Now, funnily enough, it feels like a whole life has been lived since I wrote Depth Charge (a title that inadvertently described what the editing process called for). It’s replete with photos, but they don’t look like me. I have too much hair. And I don’t look solid. The fact is that I spent most of my life concocting different ways to, more or less, float away from here. Addie shot a video of me with my feet on the ground, and happy to be on the ground: That’s new.
With the streets in the shape they’re in, a fall was almost inevitable. I did take one, a nasty one — I almost can’t remember my elbow without this deep red creator of a scab that’s taking its sweet time to heal.
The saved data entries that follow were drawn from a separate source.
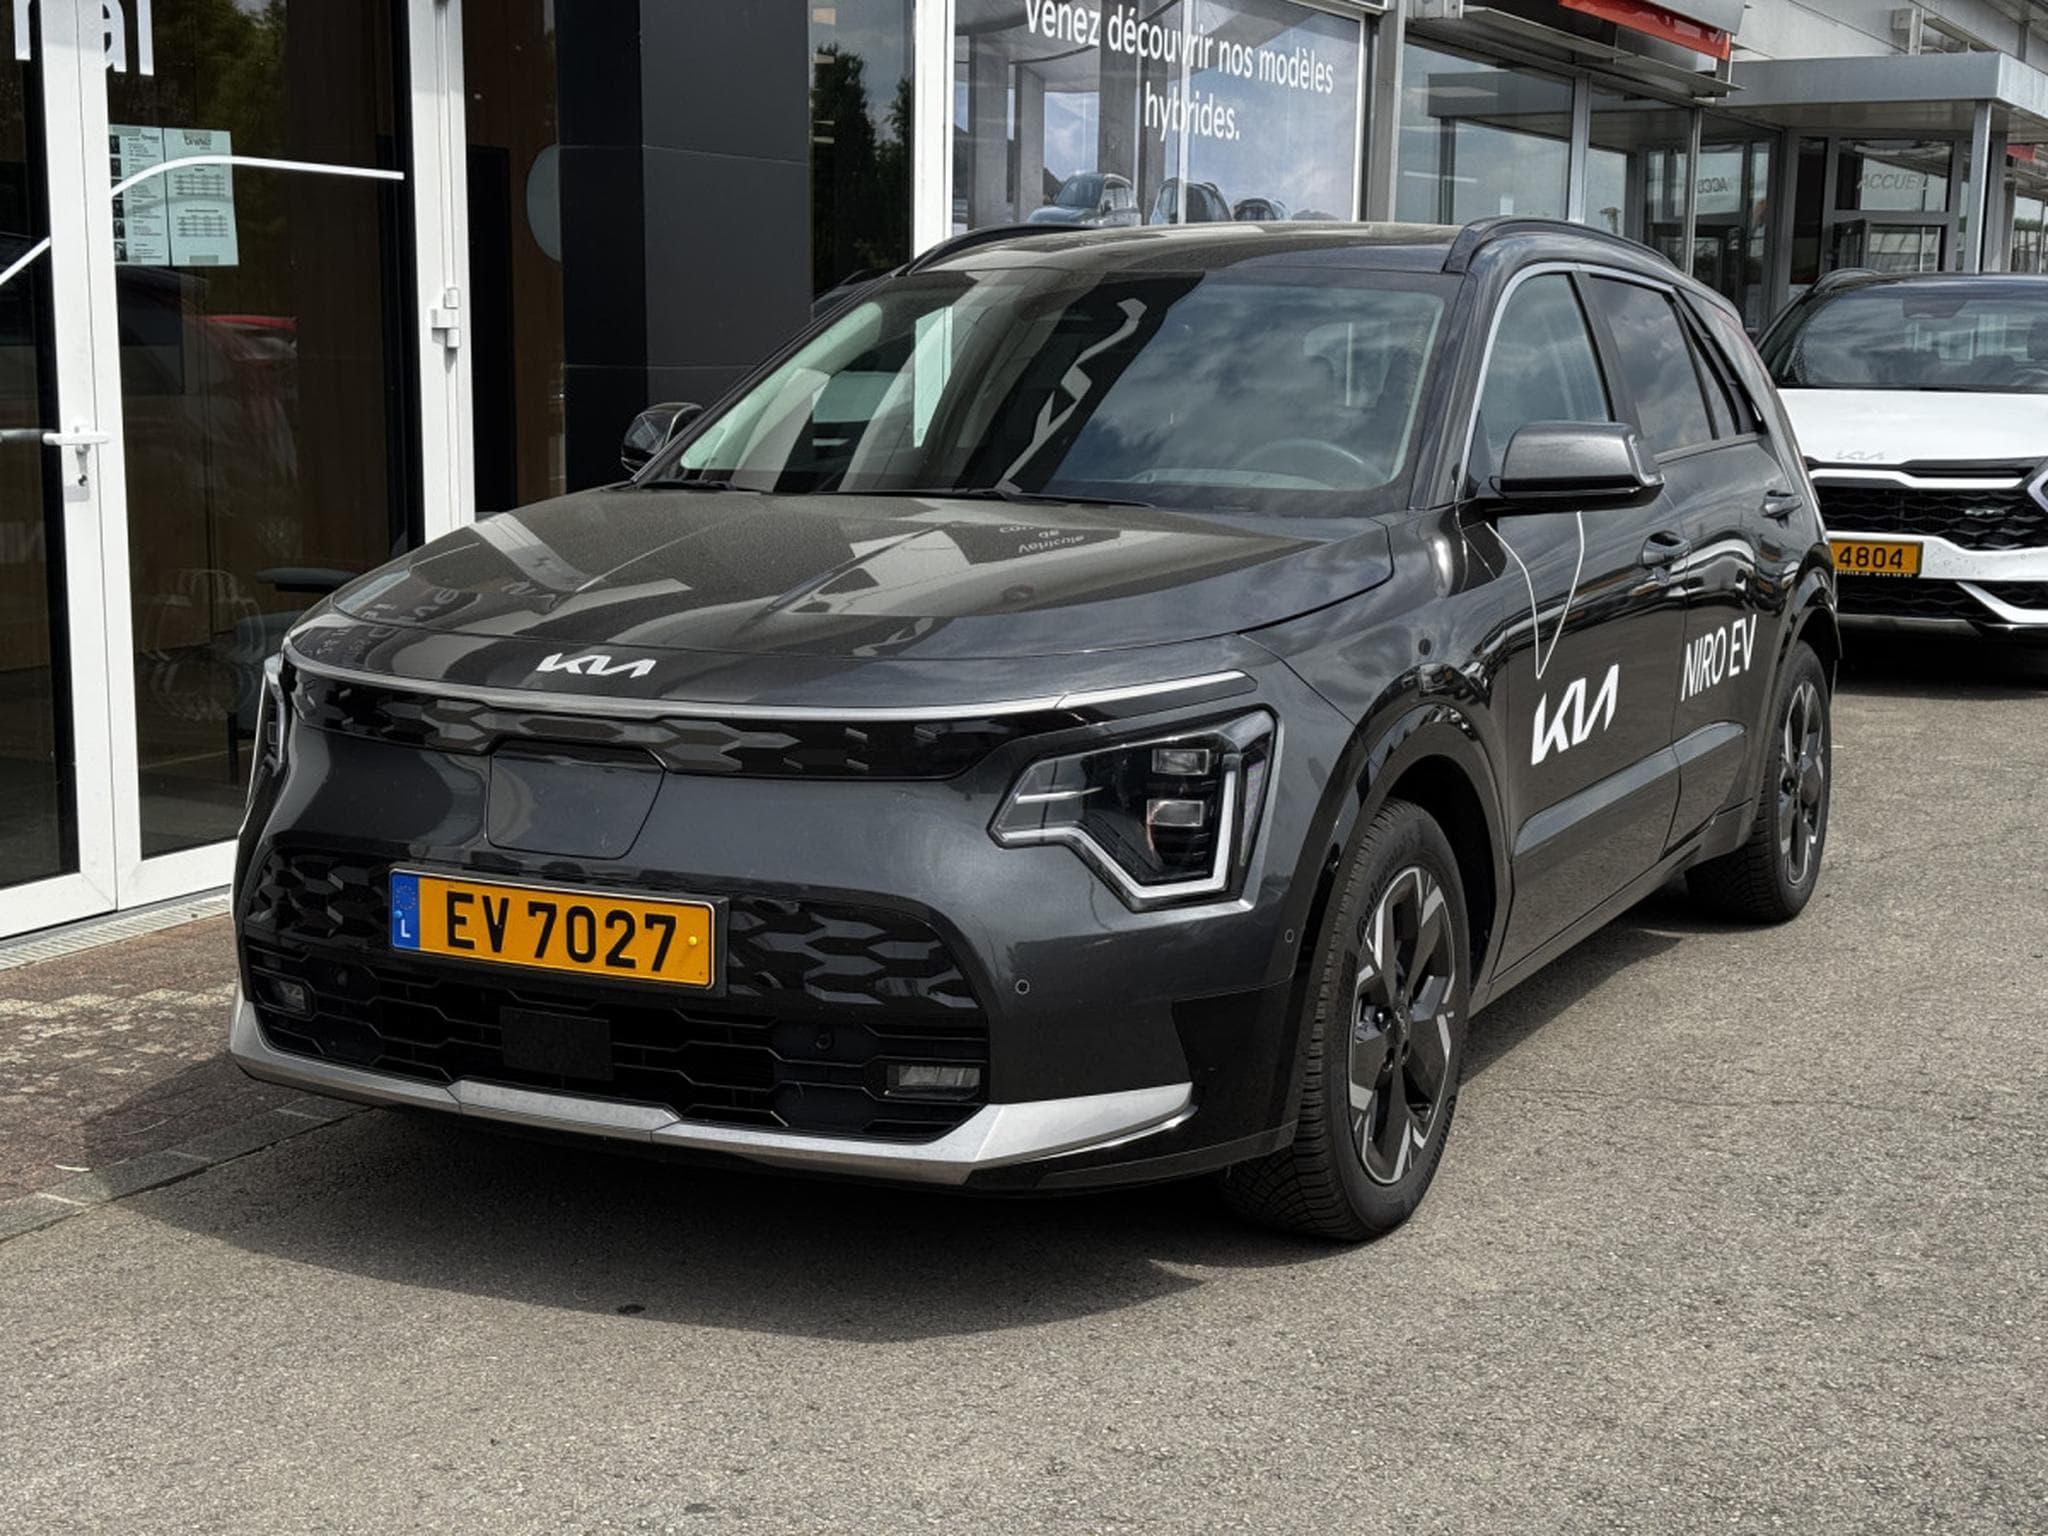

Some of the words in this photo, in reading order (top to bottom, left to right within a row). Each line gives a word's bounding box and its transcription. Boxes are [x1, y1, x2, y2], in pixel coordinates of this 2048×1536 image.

[1107, 4, 1214, 69] découvrir
[1218, 40, 1254, 79] nos
[1258, 46, 1334, 94] modèles
[1145, 81, 1240, 142] hybrides.
[1839, 546, 1903, 569] 4804
[536, 652, 658, 679] KIA
[1681, 627, 1727, 702] NIRO
[1729, 613, 1757, 678] EV
[1530, 663, 1620, 767] KIA
[400, 918, 411, 938] L
[446, 891, 510, 953] EV
[528, 901, 677, 972] 7027
This is where masochistic tendencies prove useful, because while I certainly do not consider falling to be kink-fodder, I have an abiding appreciation for marks on the body that are redolent with pleasant experiences. It was not pleasant to faceplant by the oaks. But that week itself? Best of my life thus far. By a whole whole whole whole lot.
It’s Mardi Gras week, and I’m half-seriously considering breaking out the spiky mace-like pasties I got at a little shop in the French Quarter called No Rules. It’s strange to think that where I come from, next week is life — everything closes, schools, banks — so that the city can parade, and transform by way of magnificent costumes, and go to balls and anti-balls for all manner of glamorous debauchery. All this in the service of getting alllllllllll the way down in them earthly delights before Lent heralds the moment of sacrifice.
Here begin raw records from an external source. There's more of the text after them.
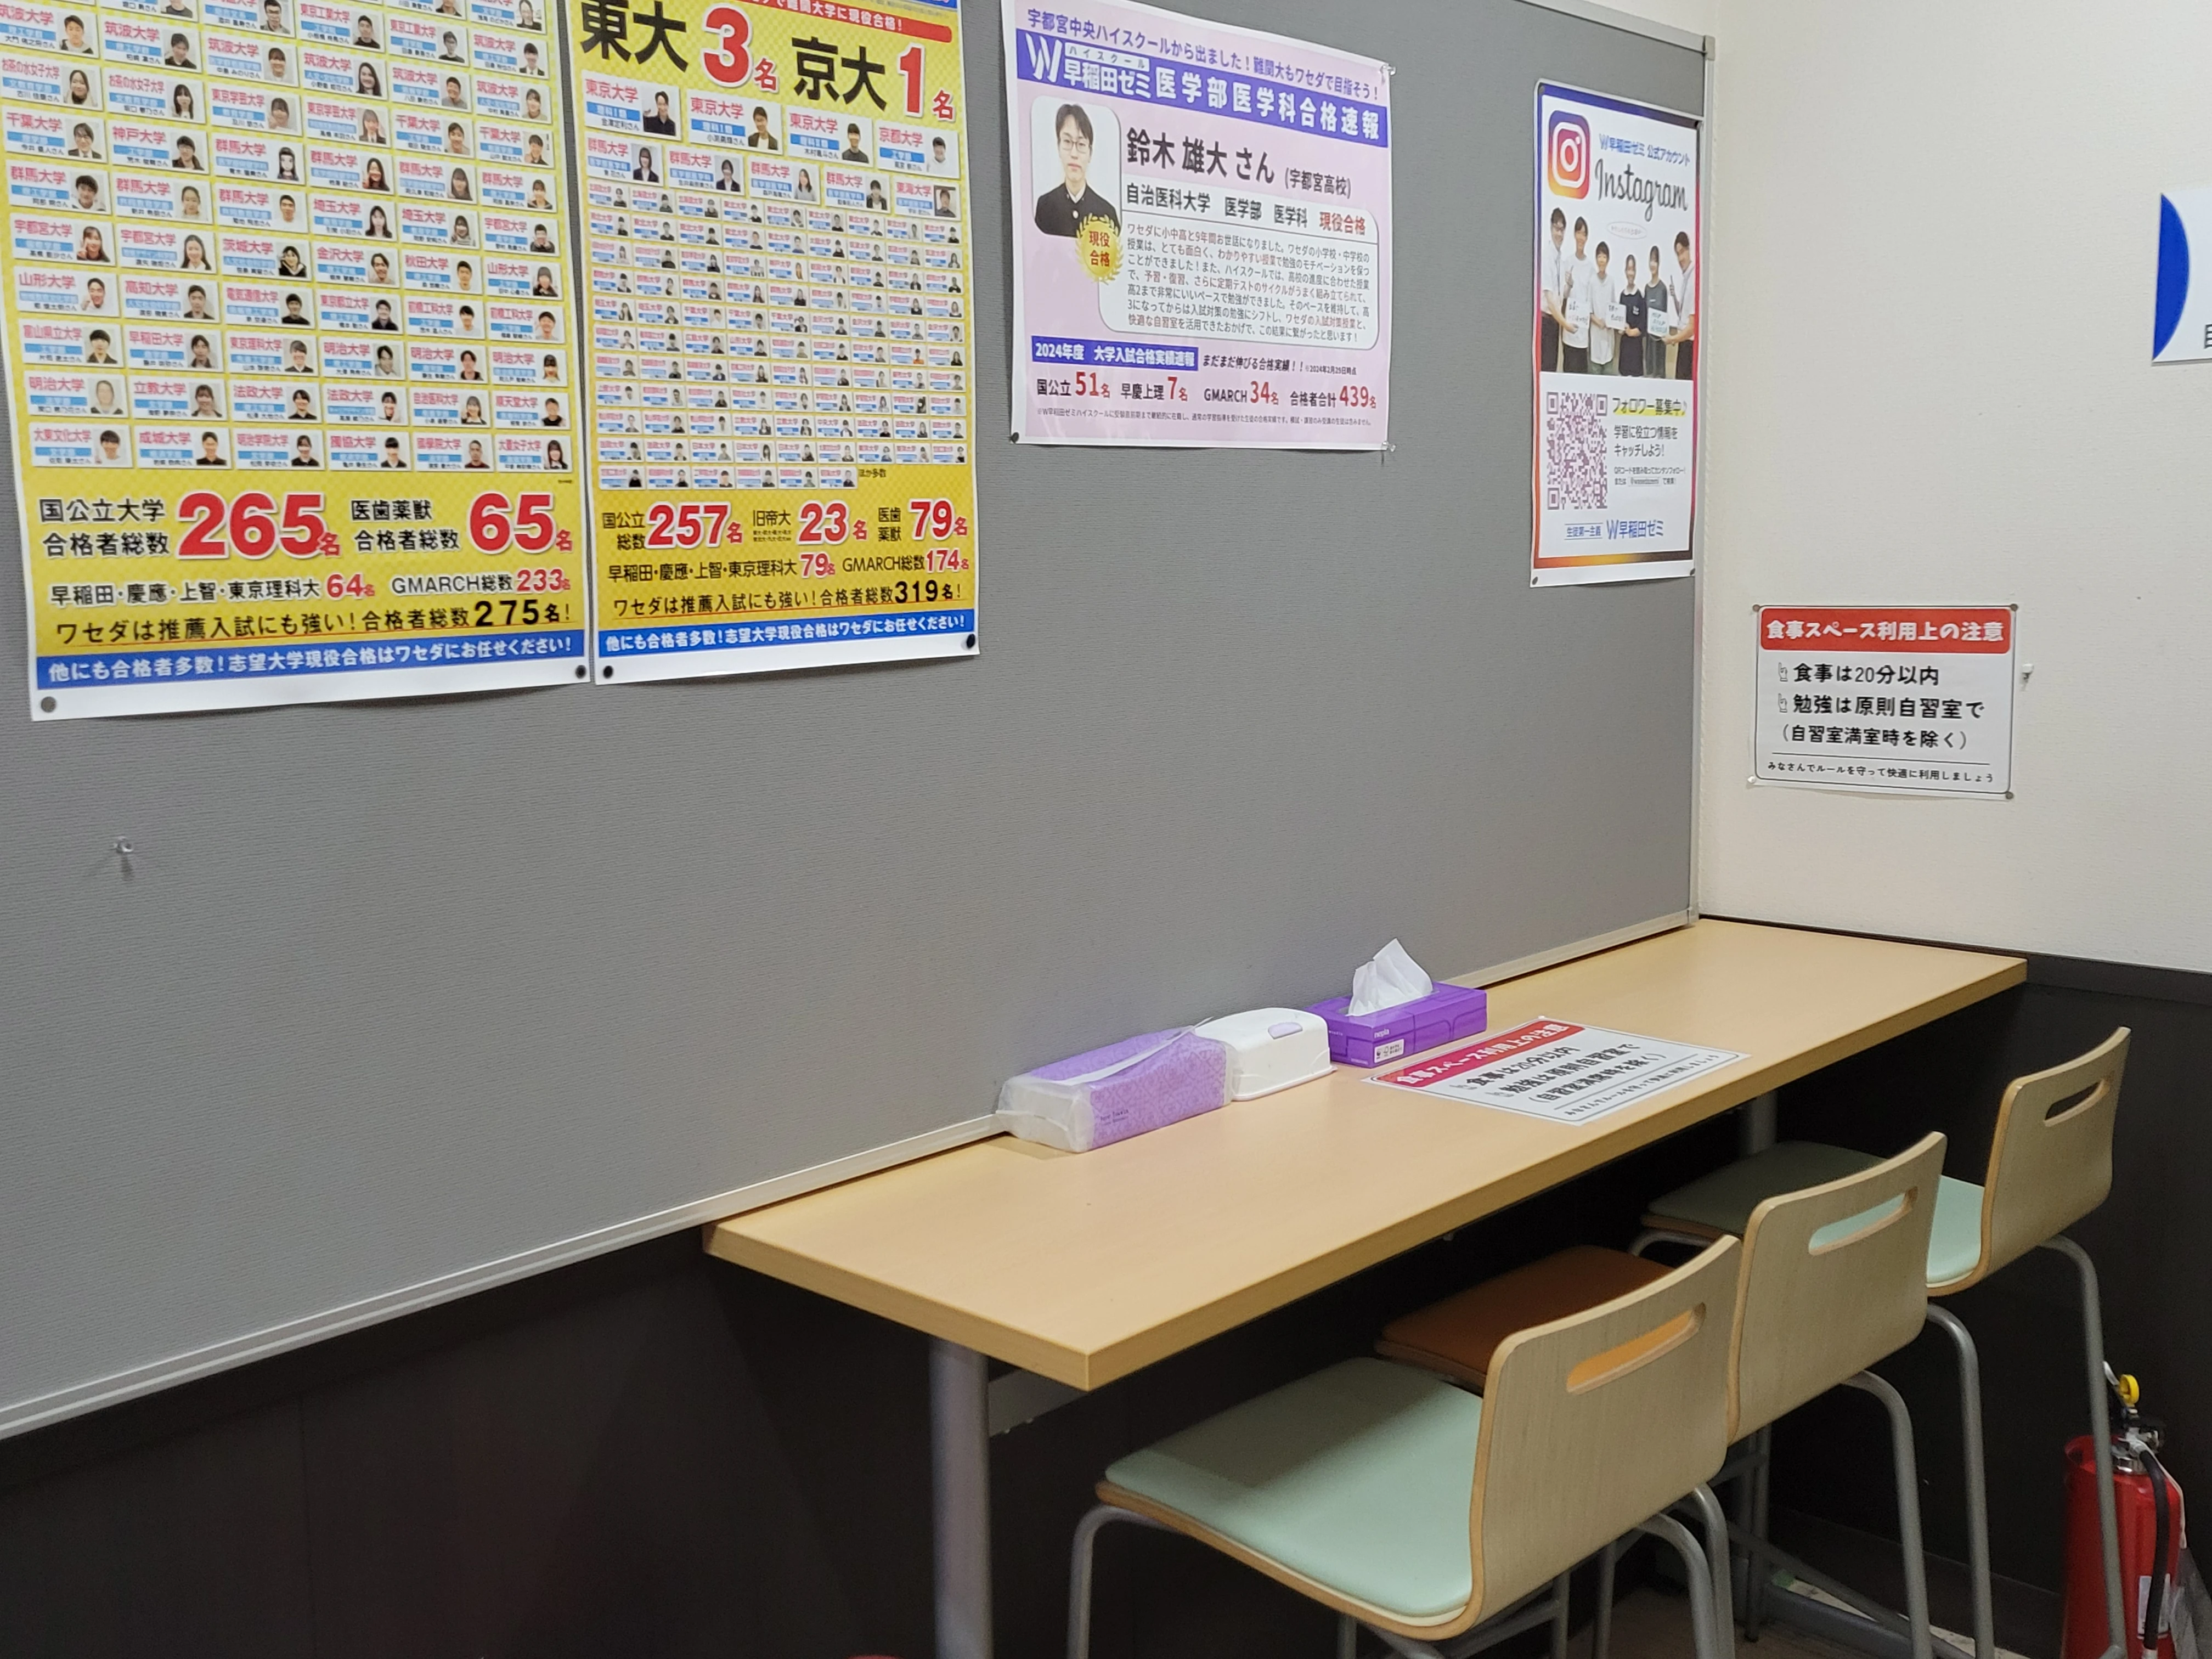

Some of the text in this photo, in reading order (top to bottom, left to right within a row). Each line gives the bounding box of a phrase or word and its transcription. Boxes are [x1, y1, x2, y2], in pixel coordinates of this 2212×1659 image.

[301, 3, 350, 23] 東京工業大学
[105, 21, 160, 42] 筑波大学
[208, 37, 259, 57] 筑波大学
[473, 34, 516, 53] 筑波大学
[304, 52, 352, 72] 筑波大学
[580, 0, 955, 121] 東大 3名 京大 1名
[1028, 8, 1378, 101] 宇都宮中央ハイスクールから出ました！難関大もワセダで目指そう！
[1069, 46, 1147, 69] ハイスクール
[2, 58, 60, 80] お茶の水女子大学
[109, 75, 165, 95] お茶の水女子大学
[585, 78, 639, 103] 東京大学
[691, 97, 744, 119] 東京大学
[1156, 66, 1379, 140] 医学部医学科合格速報
[6, 112, 63, 132] 千葉大学
[396, 114, 441, 132] 千葉大学
[789, 113, 838, 134] 東京大学
[112, 126, 166, 145] 神戸大学
[479, 127, 521, 143] 千葉大学
[879, 127, 923, 148] 京都大学
[215, 138, 267, 157] 群馬大学
[588, 137, 628, 156] 群馬大学
[1127, 126, 1175, 170] 鈴木
[1182, 136, 1227, 177] 雄大
[1235, 147, 1275, 184] さん
[1647, 144, 1691, 167] 公式アカウント
[311, 150, 358, 168] 群馬大学
[670, 151, 711, 168] 群馬大学
[10, 166, 66, 185] 群馬大学
[751, 161, 790, 178] 群馬大学
[116, 178, 171, 196] 群馬大学
[827, 172, 862, 188] 群馬大学
[1595, 158, 1688, 222] Instagram
[219, 189, 269, 206] 群馬大学
[314, 198, 361, 216] 埼玉大学
[1126, 183, 1365, 235] 自治医科大学 医学部 医学科 現役合格
[14, 219, 72, 237] 宇都宮大学
[121, 229, 176, 246] 宇都宮大学
[223, 238, 274, 255] 茨城大学
[1089, 230, 1110, 247] 現役
[317, 246, 364, 262] 金沢大学
[1090, 249, 1110, 267] 合格
[488, 262, 529, 276] 山形大学
[20, 270, 75, 289] 山形大学
[125, 279, 178, 297] 高知大学
[129, 331, 183, 346] 早稲田大学
[324, 342, 370, 356] 明治大学
[1035, 342, 1085, 360] 2024年度
[1093, 346, 1195, 366] 大学入試合格実績速報
[29, 376, 84, 392] 明治大学
[134, 381, 187, 396] 立教大学
[234, 386, 284, 399] 法政大学
[1037, 371, 1376, 409] 国公立 51名 早慶上理 7名 GMARCH 34名 合格者合計 439名
[1614, 425, 1678, 440] 学習に役立つ情報を
[40, 499, 165, 522] 国公立大学
[352, 499, 432, 520] 医歯薬獣
[878, 507, 901, 523] 医歯
[42, 493, 340, 558] 合格者総数 265名
[354, 493, 573, 552] 合格者総数 65名
[603, 512, 644, 529] 国公立
[617, 504, 742, 549] 総数 257名
[753, 503, 867, 542] 旧帝大 23名
[878, 500, 967, 542] 薬獣 79名
[800, 552, 836, 577] 79名
[327, 574, 375, 597] 64名
[606, 615, 965, 652] 他にも合格者多数！志望大学現役合格はワセダにお任せください！
[1767, 619, 2004, 642] 食事スペース利用上の注意
[49, 637, 571, 682] 他にも合格者多数！志望大学現役合格はワセダにお任せください！
[1793, 663, 1939, 685] 食事は20分以内
[1793, 693, 1985, 719] 勉強は原則自習室で
[1767, 761, 1994, 783] みなさんでルールを守って快適に利用しましょう
[1397, 1024, 1569, 1083] 食事スペース利用上の注意
[1467, 1047, 1581, 1086] 食事は20分以内
[1499, 1043, 1640, 1093] 勉強は原則自習室で
I want a slice of king cake. I want my grandmother to send me a newspaper clipping telling me who the queen of Mardi Gras is. I want some fucking beads, enough of them that I don’t have to wear a shirt underneath because my chest is covered in gifted plastic jewels (like this iconic lady I saw when I was 14 and will never forget). I want to sit on the steps outside of our duplex on General Pershing — it’s still ours, damnit, it’s still ours, it’s still ours — and watch parades go by with their colossal, wildly colorful, sometimes obscene floats.
I keep saying this, I know, but...I want to go home.
In this instance, though, I’m not sure that I’m actually overcome with a desire to experience Mardi Gras 2023. What I really want, just for a few hours, is to go back to the last Mardi Gras I was home for. When the street between our house and the synagogue filled with people dancing to Sublime’s “What I Got” as the music blasted out of a truck. The truck was made up as a float, with an elaborate red velvet throne, and we all took turns sitting on it. “Whose truck is this?” I finally asked. Nobody knew.
I didn’t go as anything in particular that Mardi Gras, just wore my prized black velvet corset and black velvet miniskirt + black velvet boots with an elaborate red and gold mask. When strangers tell you “happy Mardi Gras!” and hang beads around your neck, it’s in a different spirit of giving them any other holiday. We’re not just celebrating together, we *are* together. It’s why a little girl I had never seen before could come up to me on the parade lines, introduce herself, climb into my lap, and shout-sing the Mardi Gras Mambo until her parents came back.
That may have seemed digressive, but honestly, we’re right on theme: no better time to celebrate our bodies than Carnival.